Sam Renouf: From athlete to CEO and City AM Triathlon Team Challenge

The CEO of the Professional Triathletes Organisation (PTO), Sam Renouf, on his journey from athlete to founder and launching the City AM Triathlon Team Challenge.
Sam Renouf knows exactly when he realised he had to give up on his dream of becoming an Olympic champion. A rising star in the British triathlon set-up, the 21-year-old Renouf had just completed the 2007 Ironman British Championships at Sherborne in Dorset, where he placed eighth. His prize money? $700 — at the time, less than £400.
“I vividly remember shaking hands with my coach who said, ‘Sam, you’ve shown you’ve got the ability here. Give me a few years, I’ll get you at the top of the podium’,” Renouf tells City AM.
“And I remember saying to him, ‘Well, I’ve earned $700, it’s £5,000 for first. I can’t wait four years to make that prize money.’ I was finishing university within a year and thought: it’s time for me to go and make a real living.” It didn’t help Renouf’s prospects either that ascending the British ranks were a certain Alistair and Jonny Brownlee.
Triathlon’s loss has been, well, triathlon’s gain. Renouf is now CEO of the Professional Triathletes Organisation (PTO), where he has helped to attract unprecedented levels of investment into the sport he loves.
The PTO established the T100 Triathlon World Tour, which features many of the world’s top male and female long-distance racers – including Julie Derron, Marten Van Riel and Lucy Charles-Barclay – competing in locations from London and Las Vegas to Singapore and San Francisco for more than $8m in prize money.

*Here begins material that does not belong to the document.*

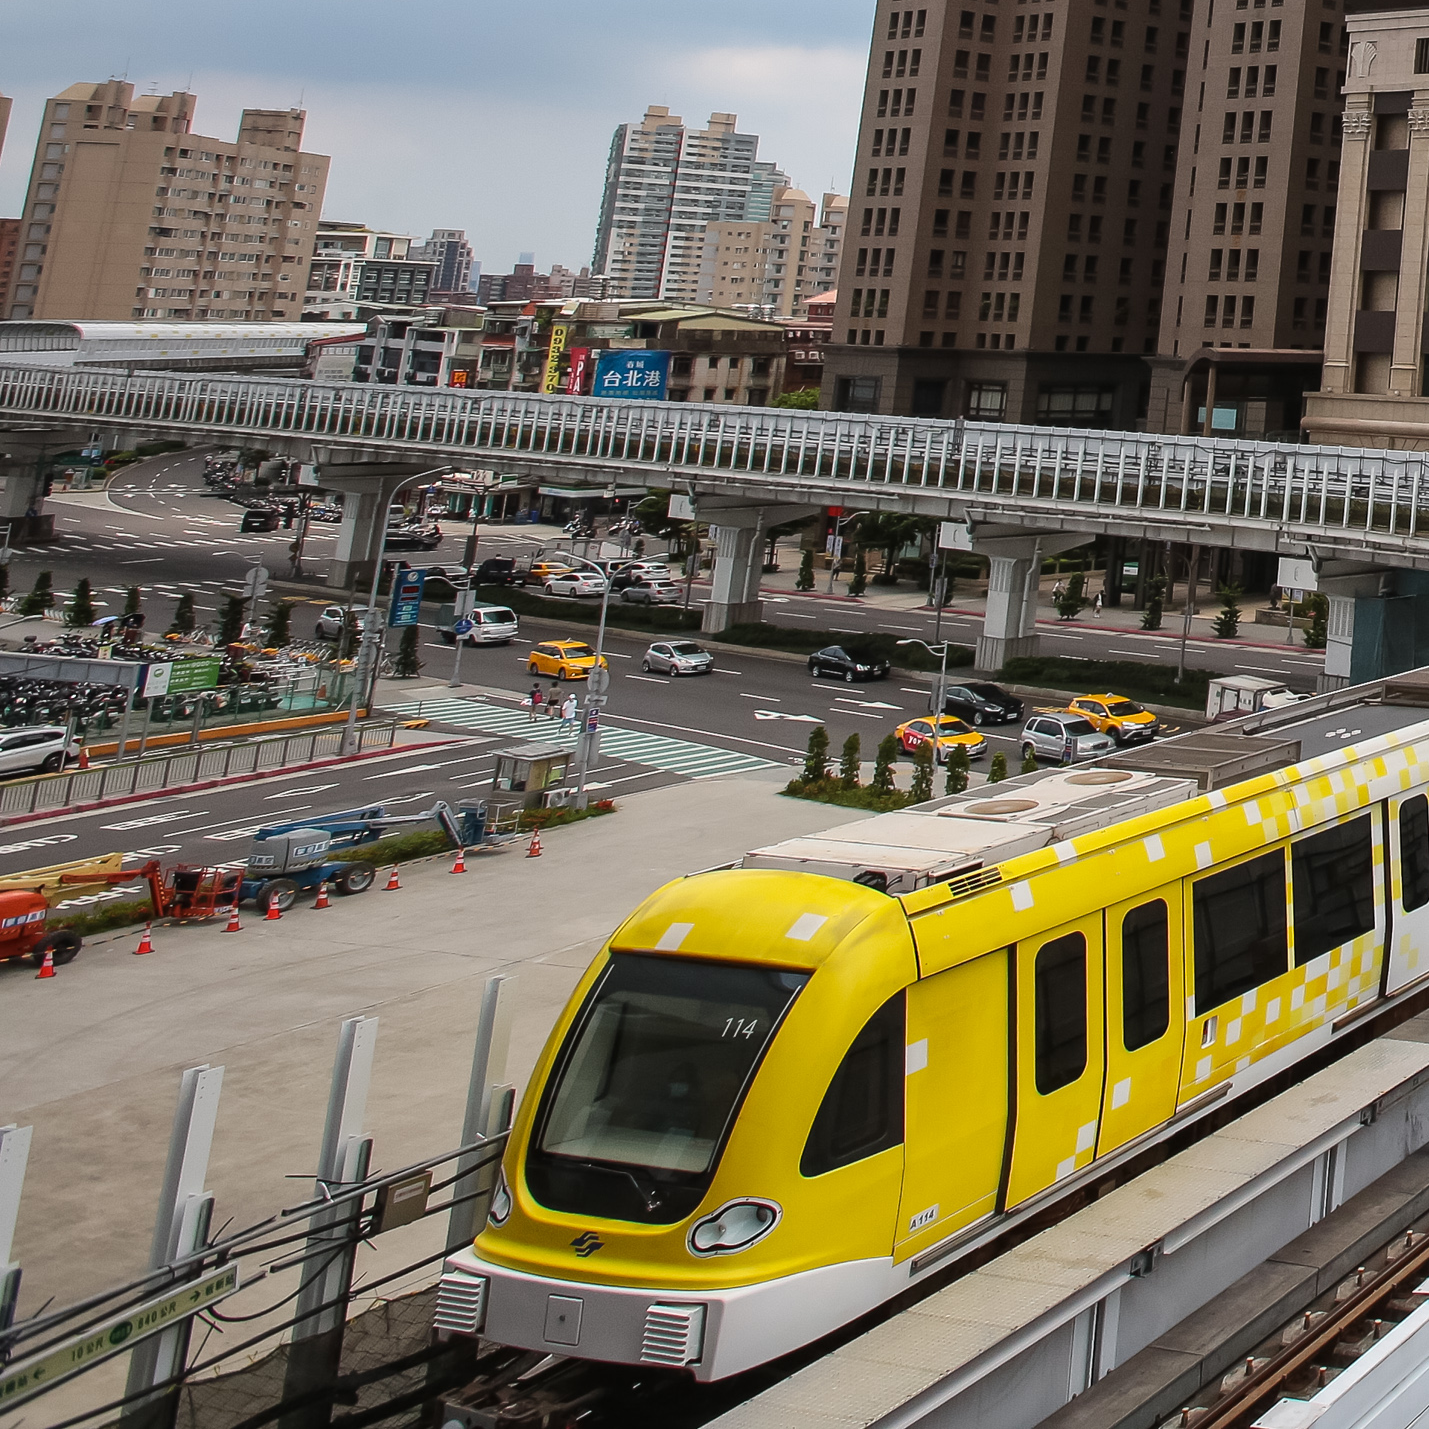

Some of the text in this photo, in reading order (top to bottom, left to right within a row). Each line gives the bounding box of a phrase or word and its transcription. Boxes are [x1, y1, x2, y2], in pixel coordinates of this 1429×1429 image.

[572, 361, 584, 394] PA
[603, 369, 661, 387] 台北港
[721, 1017, 758, 1040] 114

Renouf, now 39, is motivated by creating opportunities for triathletes to make a living out of the sport – opportunities that weren’t there for him.
“I’m genuinely doing this now as much for that, because I went through that experience. I know what it’s like to be training 25-30 hours a week, plus travelling around the world, all on their own risk. It’s not like a team sport, where things are paid for and you’re getting a salary. These are all individual entrepreneurs.”
C-suite demographic
When the penny dropped for the young Renouf that life as a triathlete wasn’t going to pay the bills, he knuckled down to complete his Politics with Management degree at Loughborough University and set his sights on a career in business.

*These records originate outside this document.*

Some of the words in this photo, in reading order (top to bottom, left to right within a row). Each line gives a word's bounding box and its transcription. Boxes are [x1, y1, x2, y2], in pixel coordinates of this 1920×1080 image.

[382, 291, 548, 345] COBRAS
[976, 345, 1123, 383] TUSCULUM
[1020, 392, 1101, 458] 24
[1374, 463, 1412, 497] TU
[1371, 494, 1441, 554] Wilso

He landed at The Active Network – “a sort of Ticketmaster for participation sports” – where he rose from sales rep to running the division and, after the sale of Active earned Renouf and other partners a lucrative exit, he took an MBA.
While studying at the London Business School he wrote a case study on how to launch a professional triathlon league. “I was fascinated to find that all of these massive professional sports – NBA, NFL, the rest – are relatively young. And the common theme was, something happened and the athletes took a greater role.”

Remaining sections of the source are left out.